In this study, researchers investigated the potency and the selectivity profile of vardenafil on phosphodiesterase (PDEs) enzymes, its ability to modify cGMP metabolism and cause relaxation of penile smooth muscle and its effect on erections in vivo under conditions of exogenous nitric oxide (NO) stimulation. PDE isozymes were extracted and purified from human platelets (PDE5) or bovine sources (PDEs 1, 2, 3, 4 and 6). The inhibition of these PDEs and of human recombinant PDEs by vardenafil was determined. The ability to potentiate NO-mediated relaxation and influence cGMP levels in human corpus cavernosum strips was measured in vitro, and erection-inducing activity was demonstrated in conscious rabbits after oral administration together with intravenous doses of sodium nitroprusside (SNP). The effects of vardenafil were compared with those of the well-recognized PDE5 inhibitor, sildenafil (values for sildenafil in brackets). Vardenafil specifically inhibited the hydrolysis of cGMP by PDE5 with an IC50 of 0.7 nM (6.6 nM). In contrast, the IC50 of vardenafil for PDE1 was 180 nM; for PDE6, 11 nM; for PDE2, PDE3 and PDE4, more than 1000 nM. Relative to PDE5, the ratios of the IC50 for PDE1 were 257 (60), for PDE6 16 (7.4). Vardenafil significantly enhanced the SNP-induced relaxation of human trabecular smooth muscle at 3 nM (10 nM). Vardenafil also significantly potentiated both ACh-induced and transmural electrical stimulation-induced relaxation of trabecular smooth muscle. The minimum concentration of vardenafil that significantly potentiated SNP-induced cGMP accumulation was 3 nM (30 nM)[1].

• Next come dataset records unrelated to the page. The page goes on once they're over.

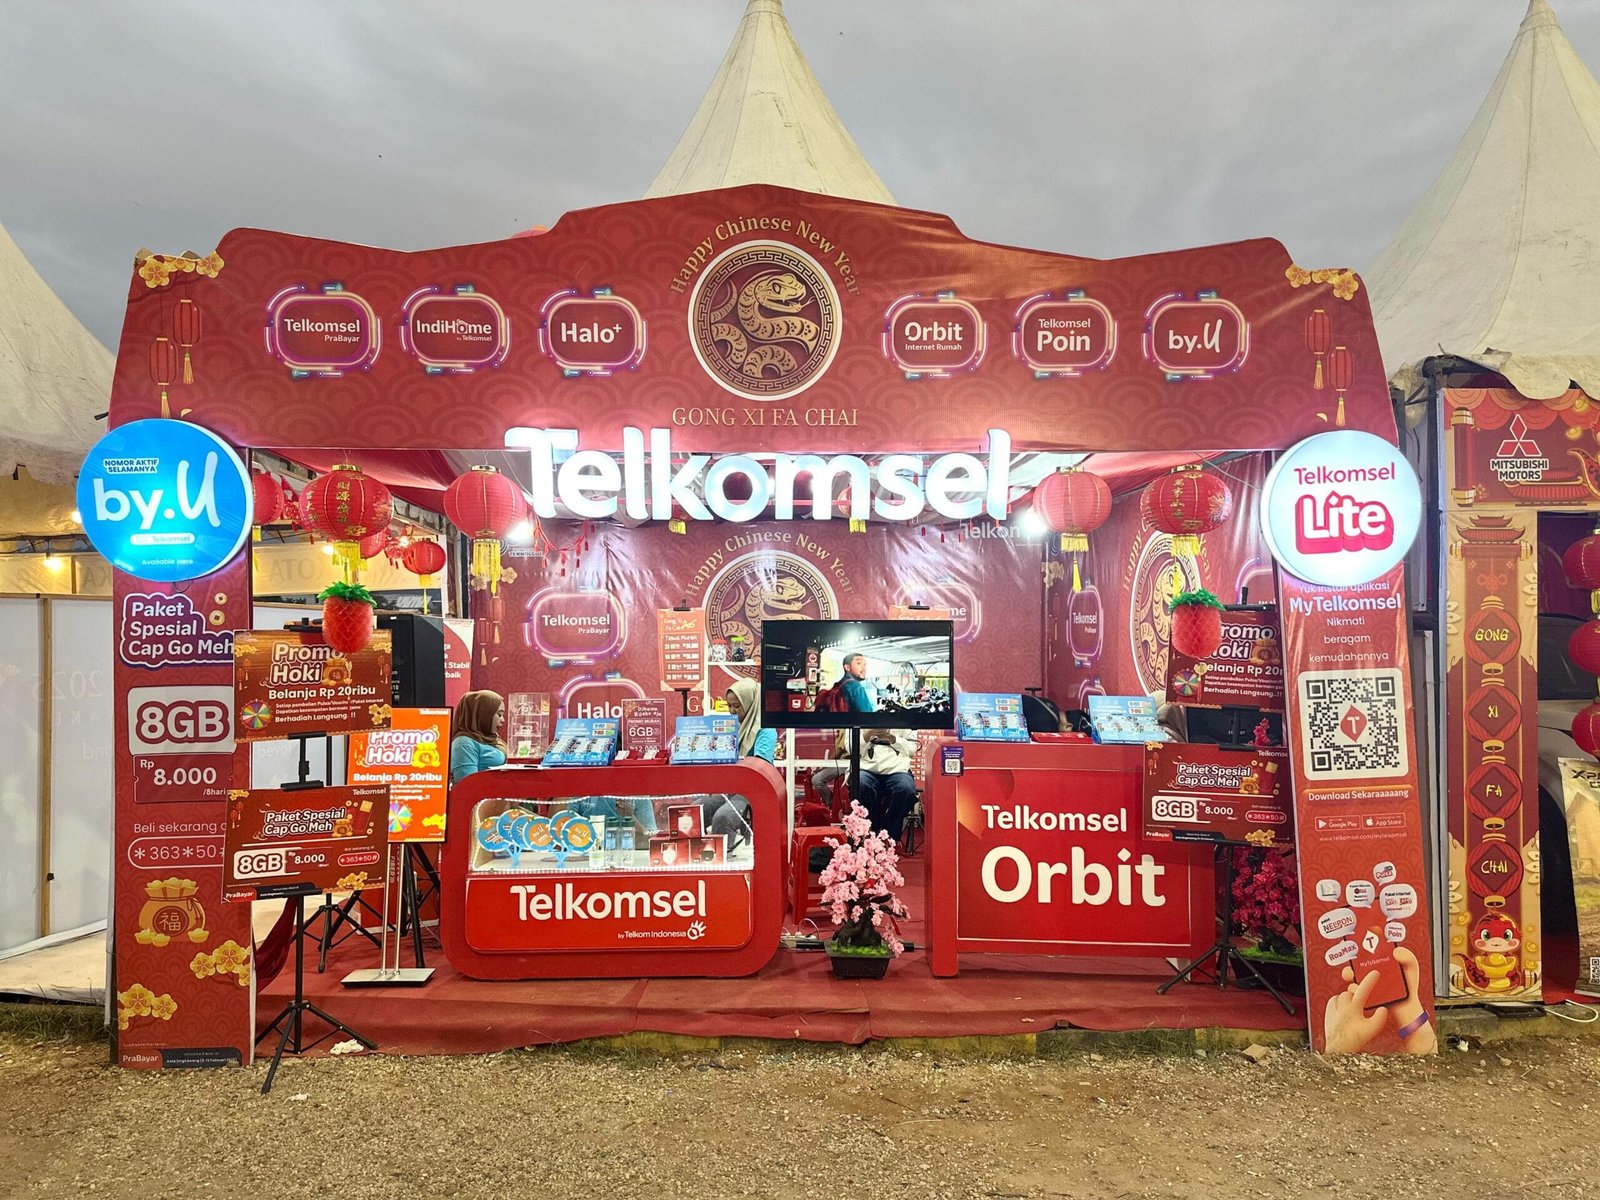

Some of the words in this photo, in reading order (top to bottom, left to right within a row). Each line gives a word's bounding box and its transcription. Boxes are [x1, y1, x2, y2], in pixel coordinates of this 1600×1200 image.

[670, 236, 715, 295] Happy
[714, 216, 792, 241] Chinese
[795, 219, 836, 254] New
[833, 250, 860, 296] Year
[284, 318, 361, 333] Telkomsel
[416, 318, 492, 335] IndiHome
[1038, 318, 1091, 329] Telkomsel
[904, 321, 963, 341] Orbit
[1168, 318, 1223, 354] by.U
[324, 334, 360, 343] PraBayar
[1037, 330, 1091, 352] Poin
[905, 343, 935, 351] Internet
[936, 343, 962, 351] Rumah
[672, 407, 735, 426] GONG
[742, 408, 765, 426] XI
[772, 408, 799, 426] FA
[805, 408, 859, 427] CHAI
[1491, 460, 1548, 470] MITSUBISHI
[504, 426, 1011, 522] Telkomsel
[1294, 461, 1396, 485] Telkomsel
[1499, 470, 1541, 480] MOTORS
[93, 451, 221, 530] by.U
[1299, 493, 1389, 546] Lite
[686, 547, 725, 598] Happy
[725, 531, 792, 552] Chinese
[796, 533, 830, 560] New
[829, 557, 854, 594] Year
[1349, 580, 1390, 593] aplikasi
[131, 601, 185, 617] Paket
[1289, 593, 1401, 616] MyTelkomsel
[542, 613, 611, 627] Telkomsel
[1072, 612, 1098, 624] Telkomsel
[1326, 616, 1365, 627] Nikmati
[129, 620, 197, 640] Spesial
[578, 627, 610, 635] PraBayar
[1220, 625, 1275, 640] romo
[1475, 628, 1509, 641] GONG
[1323, 634, 1371, 646] beragam
[128, 640, 163, 659] Cap
[168, 640, 194, 655] Go
[197, 639, 234, 654] Meh
[1308, 652, 1389, 663] kemudahannya
[448, 661, 471, 669] Stabil
[1247, 665, 1263, 676] Rp
[272, 663, 321, 683] Hoki
[268, 687, 317, 701] Belanja
[319, 687, 336, 700] Rp
[338, 685, 376, 697] 20ribu
[1204, 687, 1239, 695] Berhadiah
[275, 714, 313, 723] Berhadiah
[1487, 705, 1499, 719] XI
[139, 703, 227, 742] 8GB
[370, 731, 434, 745] Promo
[629, 727, 653, 736] 6GB
[367, 746, 412, 764] Hoki
[140, 759, 154, 769] Rp
[1178, 764, 1209, 774] Paket
[1211, 766, 1251, 777] Spesial
[153, 767, 217, 786] 8.000
[353, 773, 392, 784] Belanja
[394, 773, 408, 783] Rp
[410, 772, 442, 782] 20ribu
[1177, 775, 1199, 787] Cap
[1200, 777, 1215, 785] Go
[1217, 777, 1239, 787] Meh
[202, 788, 226, 796] /8hari
[352, 787, 387, 796] Telkomsel
[1308, 791, 1350, 801] Download
[1486, 784, 1503, 797] FA
[266, 811, 300, 823] Paket
[301, 809, 345, 821] Spesial
[1155, 800, 1195, 818] 8GB
[1205, 806, 1233, 815] 8.000
[981, 804, 1127, 832] Telkomsel
[133, 823, 155, 833] Beli
[159, 821, 217, 834] sekarang
[264, 824, 288, 836] Cap
[290, 823, 306, 833] Go
[308, 821, 333, 831] Meh
[237, 853, 283, 875] 8GB
[294, 853, 326, 865] 8.000
[1480, 860, 1508, 874] CHAI
[981, 845, 1166, 907] Orbit
[225, 891, 254, 899] PraBayar
[510, 879, 706, 921] Telkomsel
[158, 912, 182, 931] 福
[624, 930, 651, 938] Telkom
[651, 929, 687, 938] Indonesia
[1387, 930, 1402, 938] Poin
[1328, 944, 1357, 961] RoaMax
[122, 1054, 158, 1063] PraBayar

Animal/Disease Models: Male rat (9weeks old) underwent surgery for laparotomy or bilateral cavernous nerve (CN) crush injury[4]
Doses: 0.03 mg/kg
Route of Administration: intravenous (iv) injection
Experimental Results: Restored normal erectile responses with a combind administration of BAY 60-4552 (0.03, 0.3 mg/kg).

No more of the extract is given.